Do good hens go to Heaven? I hope so.
Autumn left us on Thursday morning, and strange as it may sound, we are grieving. For a chicken. I know what you’re thinking but please don’t say it.
It’s only a chicken.
Not quite true. Autumn was a horse of a different color when it came to being a chicken.
Even the most hard-bitten flock keeper will admit that at any given time, one or two hens wriggle their way into the humans’ hearts. In our case, Autumn made a bee-line for our affections; she was always underfoot, always looking for a cuddle (and, no doubt, a treat) and generally seemed to prefer human companionship to that of the other hens.
She was a pretty girl. Her glossy, mahogany-colored feathers were tipped in caramel. If you held her close she would make soft little clucking sounds. I think that was her way of saying she was happy.
As many of you know, Autumn was stricken with internal laying and egg yolk peritonitis last spring. This condition is generally fatal, but we kept her going with frequent vet visits and Lupron shots to suppress egg production. But new problems emerged: a few weeks ago she began to favor one leg and then could not walk or even stand.

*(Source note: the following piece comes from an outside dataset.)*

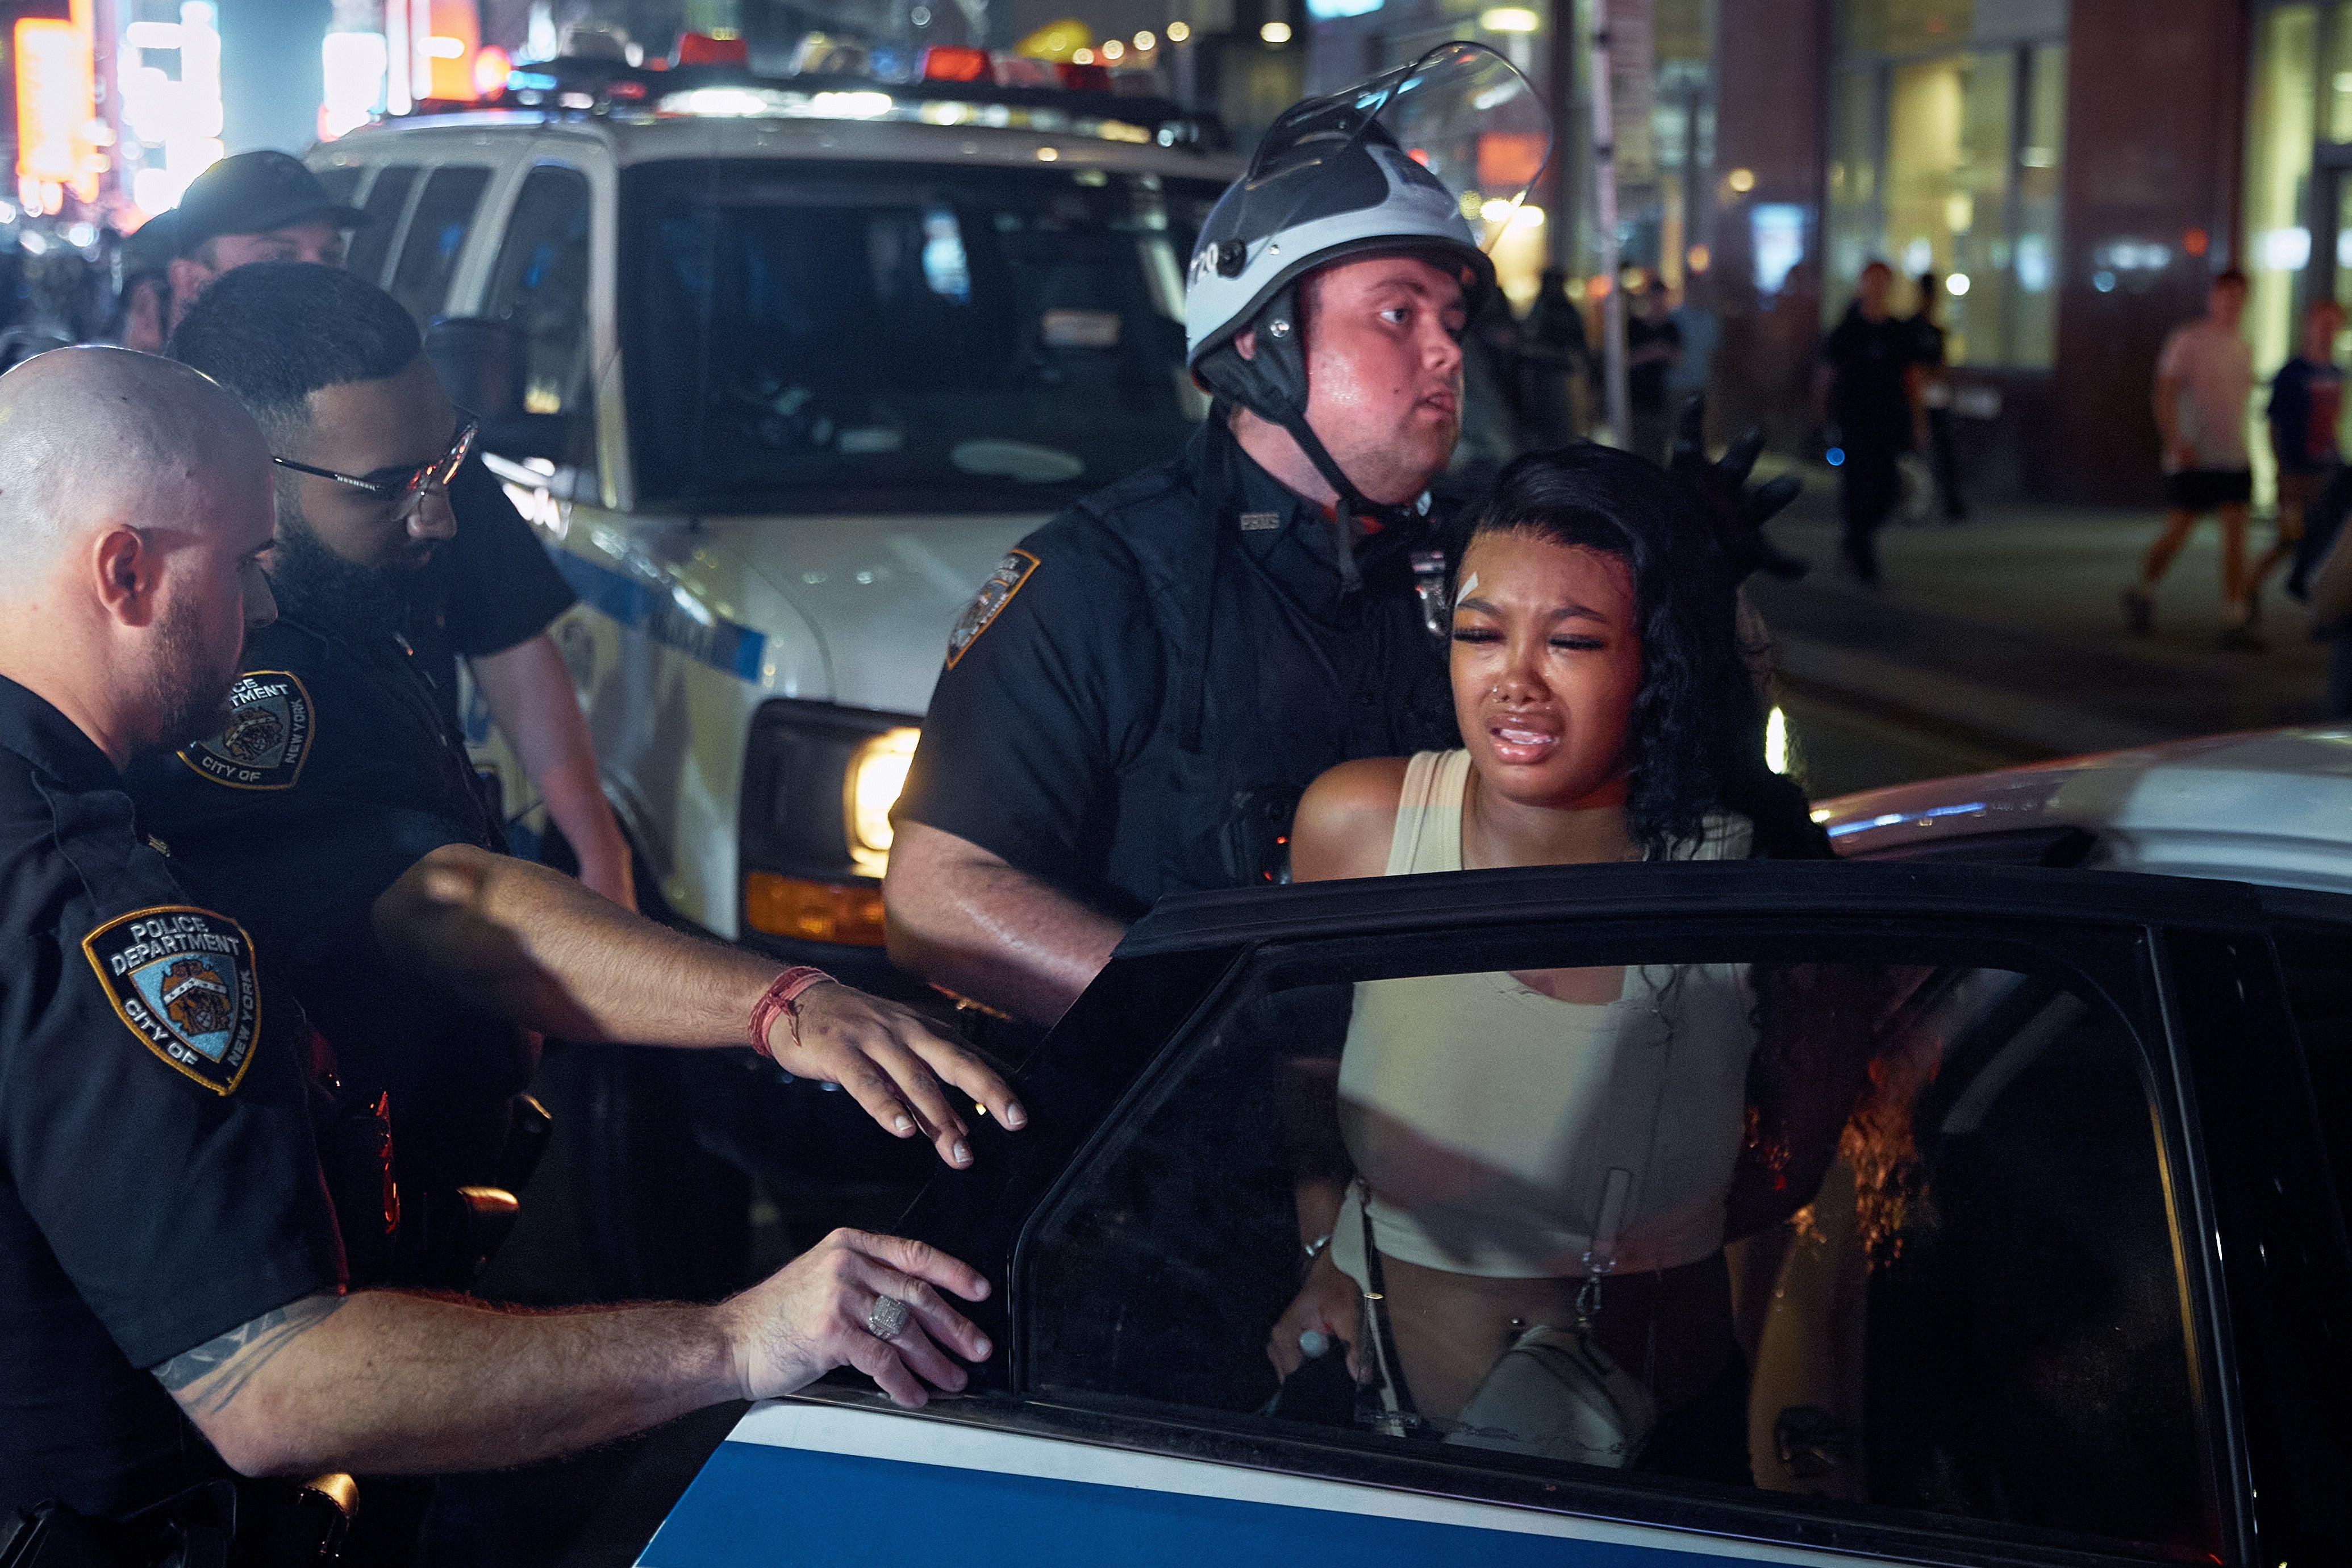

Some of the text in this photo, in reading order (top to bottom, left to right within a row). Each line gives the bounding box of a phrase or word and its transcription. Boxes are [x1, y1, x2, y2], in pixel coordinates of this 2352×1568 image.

We brought her inside and made her a little nest in the kitchen where she held forth for several days, enjoying hand-fed treats and lots of affection. She actually seemed to rally for a few days, relishing tidbits of oatmeal and cheese, and we wondered aloud how our house-sitters might react to being slaves to a house chicken.
But sometime during the night on Wednesday, the pain and dysfunction became too much for her little body. The CE found her on the floor, unable to even right herself to a sitting position. He took her in to see the vet, who said it was obvious from the cast of Autumn’s eyes that she was in pain. It was time to say goodbye.

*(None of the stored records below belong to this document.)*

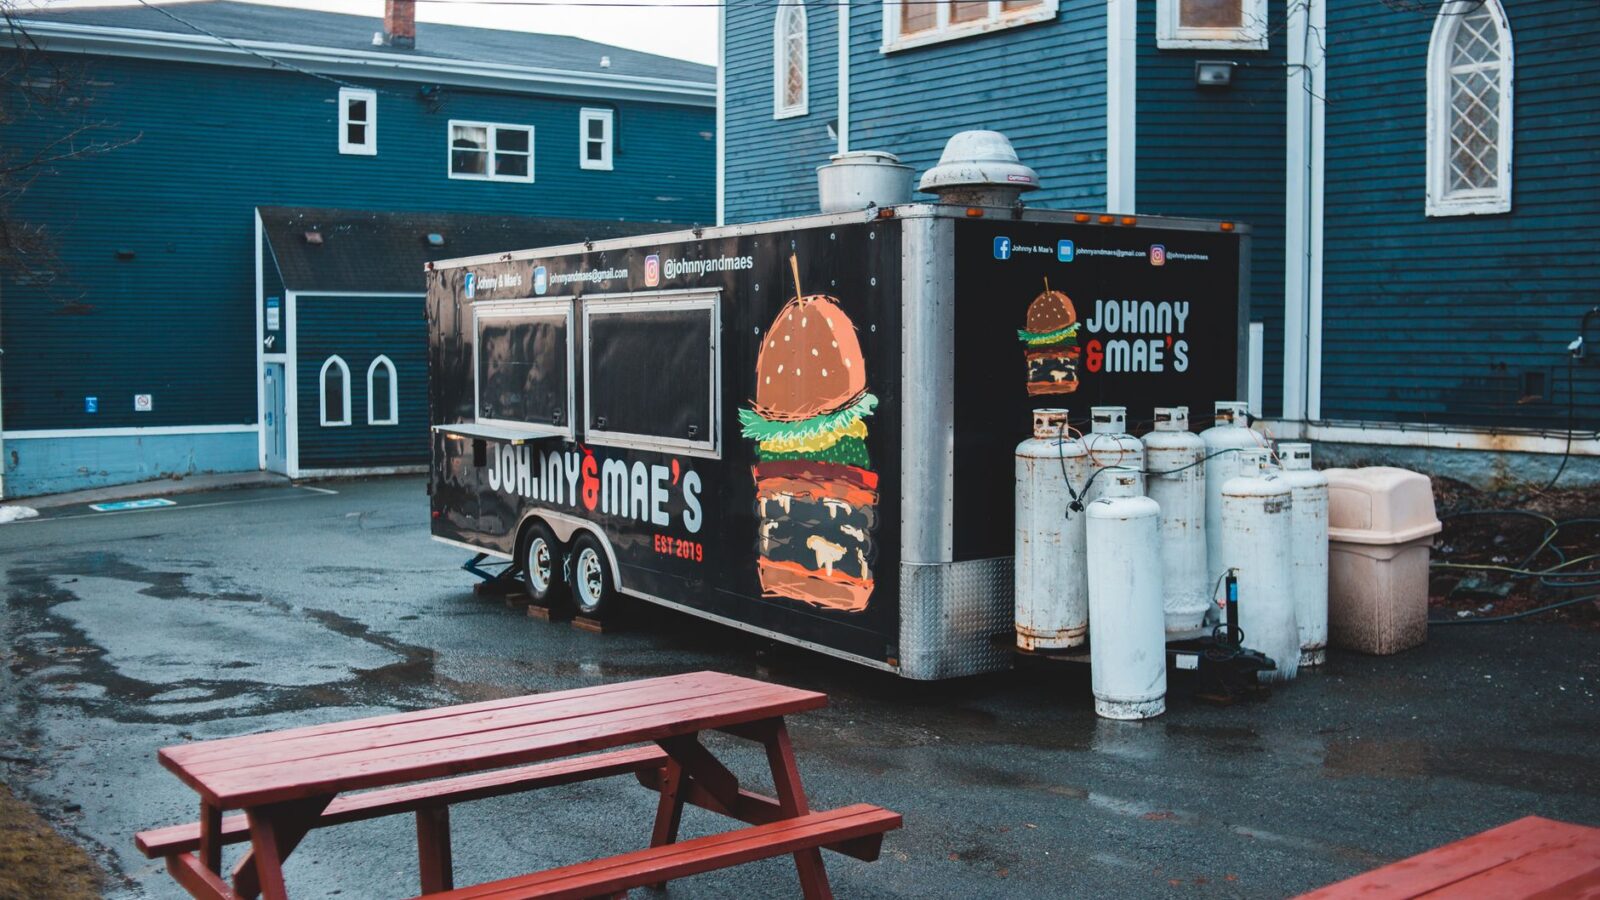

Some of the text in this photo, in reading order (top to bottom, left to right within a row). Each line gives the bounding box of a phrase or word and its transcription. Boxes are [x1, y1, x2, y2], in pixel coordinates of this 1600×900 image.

[1012, 244, 1032, 254] Johnny
[549, 267, 628, 286] johnnyandmaes@gmail.com
[664, 254, 753, 279] @johnnyandmaes
[477, 275, 498, 291] Johnny
[1086, 300, 1189, 333] JOHNNY
[654, 534, 702, 562] EST 2019

The vet prepared an injection and the CE held Autumn in his arms and rocked her for nearly half an hour until she was gone. The vet said to him “Thank you for taking such good care of this little chicken.”
She was only two-and-a-half years old, but those were pretty darned good years for a hen. Some may think it’s silly to care so much for a pet. For a mere chicken. I almost agree. But on another level, I think that any time we care for another creature, it makes us a little bit more human in the best possible sense of the word.
Autumn is buried in a very nice spot back under the oaks where she enjoyed searching for bugs and worms. She will be missed.